Myth # 2: Anyone can have an epidural.
Reality: Epidural eligibility based on medical and personal records is assessed by doctors. In order to be able to receive an epidural, women taking anticoagulation medications, or blood thinners, must stop these medications within an appropriate period before delivery. Women who have other conditions, such as spina bifida, or who have undergone back surgery may not be eligible for epidural.
Myth # 3: There’s a limited window of time when you can get an epidural.
Reality: Depending on what you and your doctor have discussed and what your pain relief priorities are, you can get an epidural at any point during your labor. Epidural is not limited to any specific time during labor.
Myth # 4: Epidurals cause permanent back pain or paralysis.
Reality: Serious epidural complications, including paralysis, are extremely rare. Some women experience pain for a few hours or days after the epidural in the lower back (where the catheter was inserted), but this does not usually last longer than a day.
Myth # 5: Epidurals can cause incontinence issues.
Reality: An epidural blocks the sensory nerves, causing most women to temporarily lose the sensation of needing to empty their bladder. Because of this, we routinely place a Foley catheter for the duration of the epidural, or periodically empty the bladder by draining it with a catheter. Women should return to normal bladder function within four to six hours after a catheter is removed or an epidural is turned off.
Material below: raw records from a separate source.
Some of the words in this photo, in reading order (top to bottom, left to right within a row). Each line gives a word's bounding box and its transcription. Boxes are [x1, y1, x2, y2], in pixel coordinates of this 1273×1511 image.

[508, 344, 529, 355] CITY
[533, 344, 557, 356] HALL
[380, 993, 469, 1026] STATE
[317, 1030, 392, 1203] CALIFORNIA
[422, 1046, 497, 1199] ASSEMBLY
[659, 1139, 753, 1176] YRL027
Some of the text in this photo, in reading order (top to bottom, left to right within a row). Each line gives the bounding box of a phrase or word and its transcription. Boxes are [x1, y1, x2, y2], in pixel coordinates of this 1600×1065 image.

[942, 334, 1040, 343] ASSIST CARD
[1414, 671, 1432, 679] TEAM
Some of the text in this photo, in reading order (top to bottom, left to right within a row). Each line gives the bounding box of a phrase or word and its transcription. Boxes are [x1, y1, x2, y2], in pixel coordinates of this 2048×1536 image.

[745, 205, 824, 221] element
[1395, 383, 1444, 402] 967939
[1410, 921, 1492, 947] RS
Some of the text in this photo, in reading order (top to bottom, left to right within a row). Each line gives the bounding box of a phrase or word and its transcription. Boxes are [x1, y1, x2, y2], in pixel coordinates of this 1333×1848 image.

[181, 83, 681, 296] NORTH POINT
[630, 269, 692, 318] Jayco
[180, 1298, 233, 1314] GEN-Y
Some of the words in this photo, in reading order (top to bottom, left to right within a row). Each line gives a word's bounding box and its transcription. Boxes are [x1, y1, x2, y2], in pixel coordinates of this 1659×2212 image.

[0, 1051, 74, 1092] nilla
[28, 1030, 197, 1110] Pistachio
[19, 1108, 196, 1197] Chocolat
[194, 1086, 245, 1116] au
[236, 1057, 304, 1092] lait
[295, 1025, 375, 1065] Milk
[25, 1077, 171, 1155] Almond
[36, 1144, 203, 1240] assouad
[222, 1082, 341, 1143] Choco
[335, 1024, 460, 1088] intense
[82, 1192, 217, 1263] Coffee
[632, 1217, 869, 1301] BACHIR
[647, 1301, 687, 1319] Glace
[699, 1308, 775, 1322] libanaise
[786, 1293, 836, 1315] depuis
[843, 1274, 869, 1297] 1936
Some women may not experience this sensation at all.
Myth # 6: Epidurals slow the healing process.
Reality: There have been no evidence of an epidural slowing recovery from labor and delivery. However, if any case that happens, it is because of some pre-existing medical history.
Myth # 7: Following childbirth, epidurals often cause horrific headaches.
Reality: A day or two after the epidural, about one in 100 to one in 200 women may experience a complication called a post-dural puncture headache. This happens if, just beyond the epidural space, if the epidural needle pierces the membrane, causing a spinal fluid leakage. Usually, the headache responds to painkillers; another procedure called an epidural blood patch may be given if it does not. However, long-term issues from a post-dural puncture headache are extremely rare.